Toward the end of Crown of the Sunken King, the first in a trilogy of downloadable episodes for From Software's brooding, melancholic sequel to Dark Souls, you find a ladder that leads up to a temple roof. Climb the ladder and exit through a crumbling doorway and you're presented with a widescreen view of Sanctum City, the underground metropolis in which much of this chapter takes place. The cave walls, slick and iridescent, echo with the sound of rushing water, while stalactites drip overhead like so many swords of Damocles.
Across the way you can pick out the first bonfire you lit in this area: the original and therefore dearest point of safety in what is an unflinchingly hostile place. On my first visit to the roof I lit two torches left on the balcony and paused to wonder at just how far I'd come. It was a welcome moment of respite in an otherwise jitter-filled two hours of exploration and confrontation. After a few moments I noticed a message on the ground left by another player. A memo of encouragement, perhaps, or an offer of advice or even trickery: you never can tell in Dark Souls. I opened the message. It read, simply: 'Pointless?'
The typical Dark Souls player is not, perhaps, best known for an appreciation of landscaping - although From Software's artists consistently display a talent for scene-setting. Indeed, the game itself inspires a kind of hysteria in its player: you are a drowning man, thrashing about for some new weapon or item which might save you as the ghouls and monsters seek to drag you under. Not much to time stand around admiring the view when you're scrambling and fleeing. Crown of the Sunken King is no different: a new chapter for those players who have completed the game once, twice or maybe even more times. Indeed, from the ferocious dinosaurs that pad about its vast underground lake to the traumatising ordeal of its final boss, Sinh the Slumbering Dragon, this is unusually challenging stuff. All the more reason to pause and savour the view from time to time.
Another reason to savour this view is that it demonstrates the return of a design consideration that was, for many, lost in the main Dark Souls 2 campaign. There, From Software's designers abandoned the grand and intricate puzzle layout of the first game, whereby every new area somehow looped back and locked in with previous environments. Instead we were given a series of trailing rooms that usually concluded in dead ends. Crown of the Sunken King returns to the former game's ingenious blueprint with style: Sanctum City's zigzag network of temples, walkways and aqueducts has an Escher-like quality. When one area concludes by opening up a shortcut to your starting location, you have the 'a-ha!' moment that was, for many, largely missing in the main game.

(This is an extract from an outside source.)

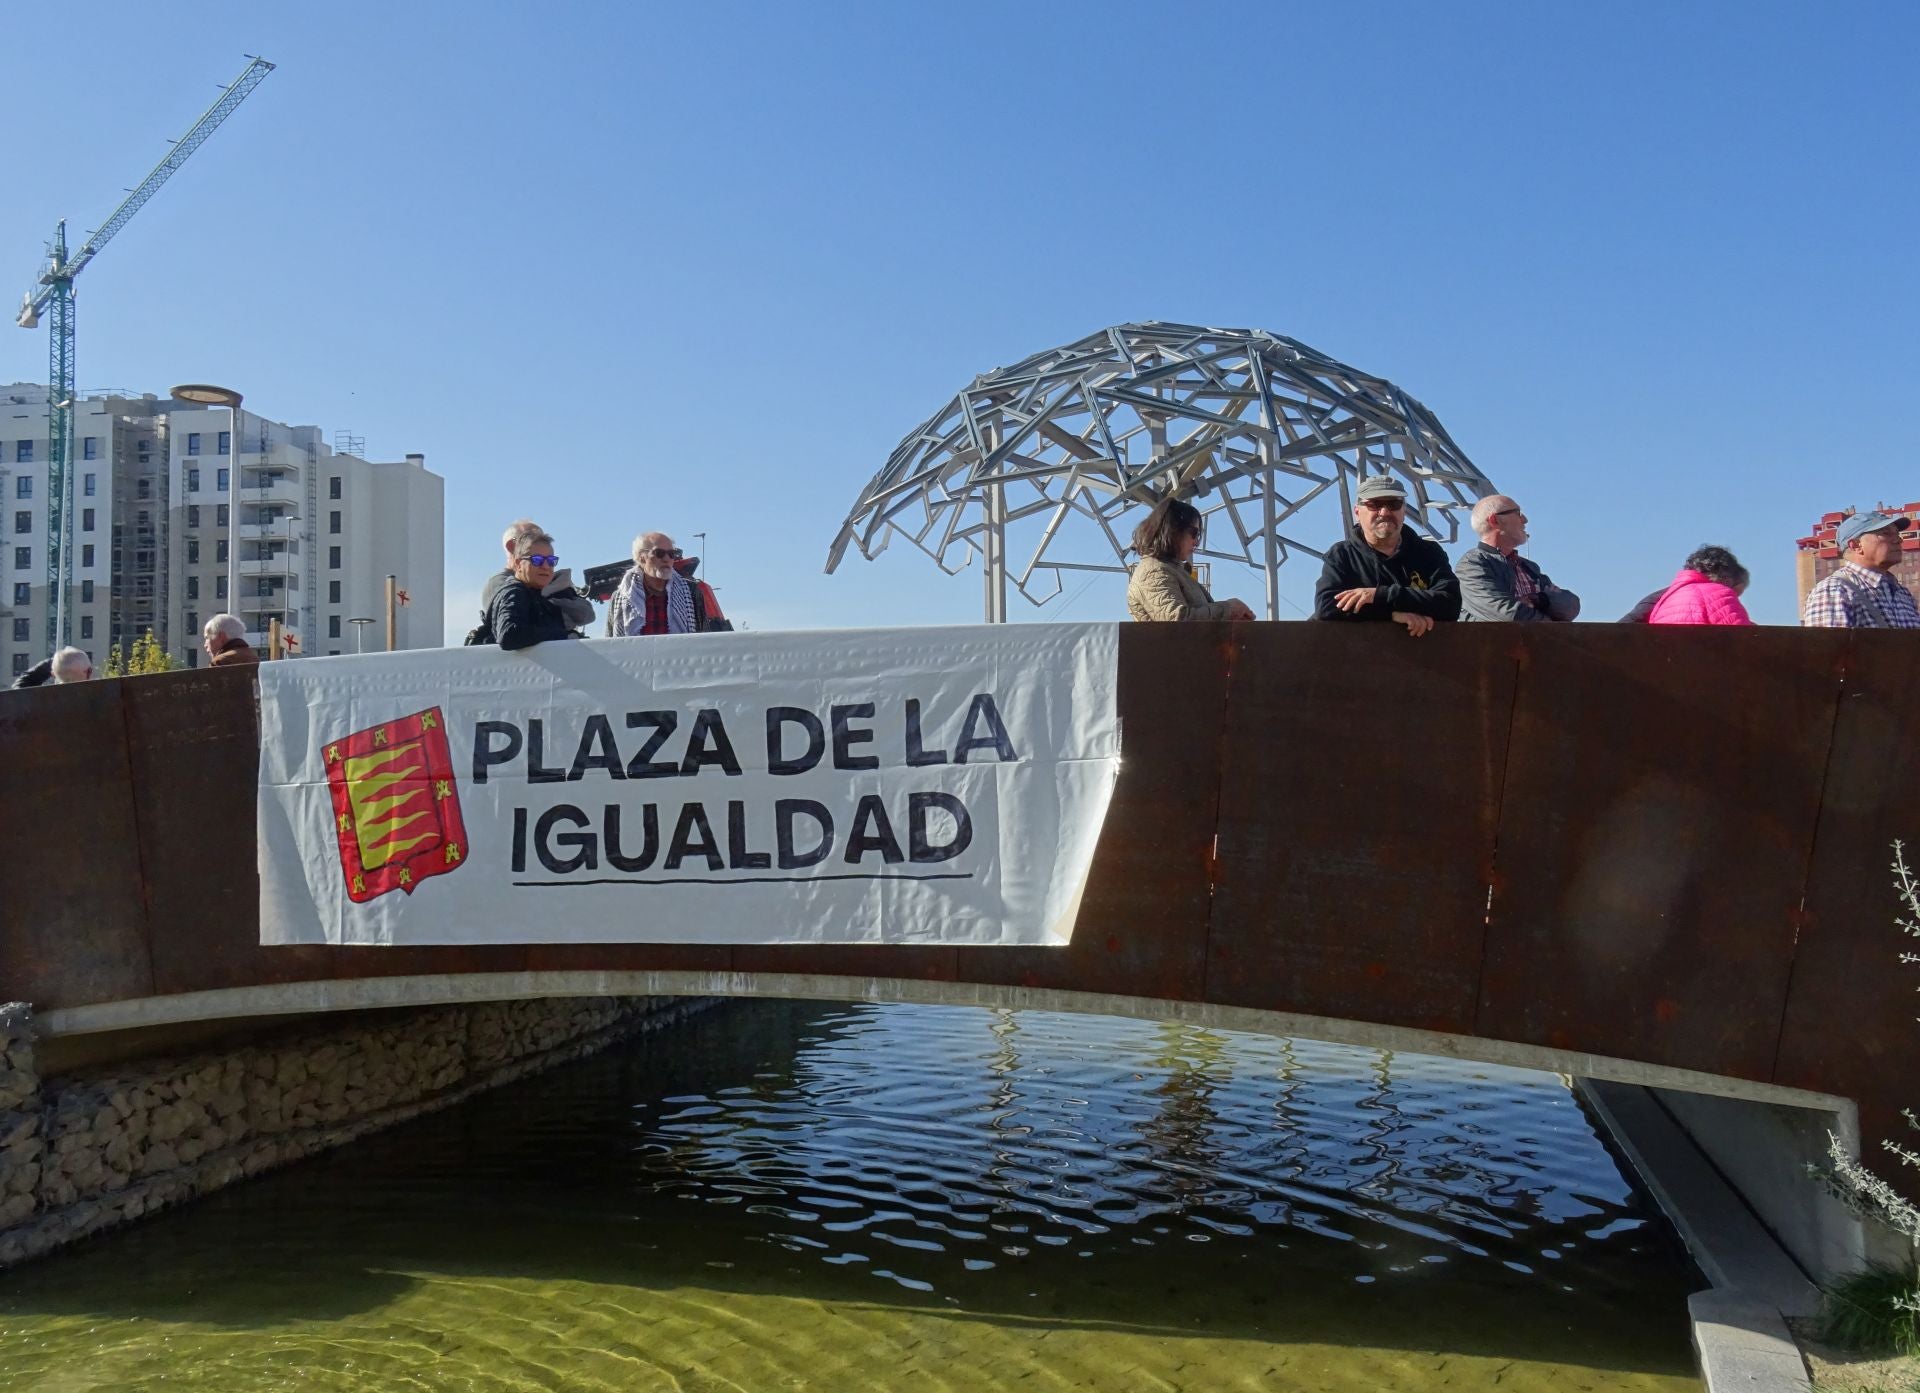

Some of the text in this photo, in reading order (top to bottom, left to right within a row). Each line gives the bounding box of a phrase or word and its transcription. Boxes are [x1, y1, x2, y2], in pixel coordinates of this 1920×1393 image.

[472, 694, 1019, 785] PLAZA DE LA
[511, 791, 974, 873] IGUALDAD

Much of the difficulty derives from the enemies you find down here in the jungle of Sanctum City and its tributary areas. There are ghostly phantoms, almost impervious to your sword swipes until you can turn them corporeal. There are black knights, nimble and stabby, who roll under your attacks, ending their tumble with a rapier jab. There are numerous dark phantoms that will invade your game at inopportune moments, one of which must be bested using carefully timed parries. But the challenge also derives from the environment itself, a giant interlocking puzzle with platforms that are raised and lowered by activating glowing pillars. You'll need a quiver full of arrows or a clutch of projectile spells, if not to trigger the remote pressure pads dotted around the environments, then to thin the enemy numbers from a distance before you approach.
Of course, with so many players descending on this area at the same time, there's no shortage of helpful messages or, more usefully, at least in terms of the duo of bosses at the end of the chapter, opportunities to summon someone into your game to offer assistance. (Notably, it's possible to sample the DLC before purchase: leave a summon sign outside of the new area and you can be summoned into another player's game to try out a specially designed area). The final dragon boss in particular is a long and difficult battle, even for three experienced players working together. In this way, Crown of the Sunken King encourages co-operation more forcefully than any entry in the series to date.
This is best exemplified in the Cave of the Dead, a new area unlocked midway through the chapter where you fight a horde-like gauntlet of enemies while simultaneously dodging poison and traps. There's also a clutch of new treasure and secrets to find, both spells and weapons. One hidden magical tree (with wild, unblinking eyes set into the trunk) will grant you a welcome benefit when struck with the correct implement. At least two of the life-giving bonfires are hidden behind secret walls.
It's a strong start for this series of add-on chapters for Dark Souls 2, then. There are no standout battles - save, perhaps, for the grim final encounter - but the cumulative effect of its fights, puzzles and secrets is memorable: Sanctum City and its offshoot areas lodge in the mind like so many of this series' locales. It's exciting to see the team return to the ingenious, interlocking layout of Demon's Souls and the first Dark Souls and there are enough novel ideas to be found in this shantytown of pillars, temples and chipped blocks to reassure you that this is a team that has run out of neither inspiration nor vigour.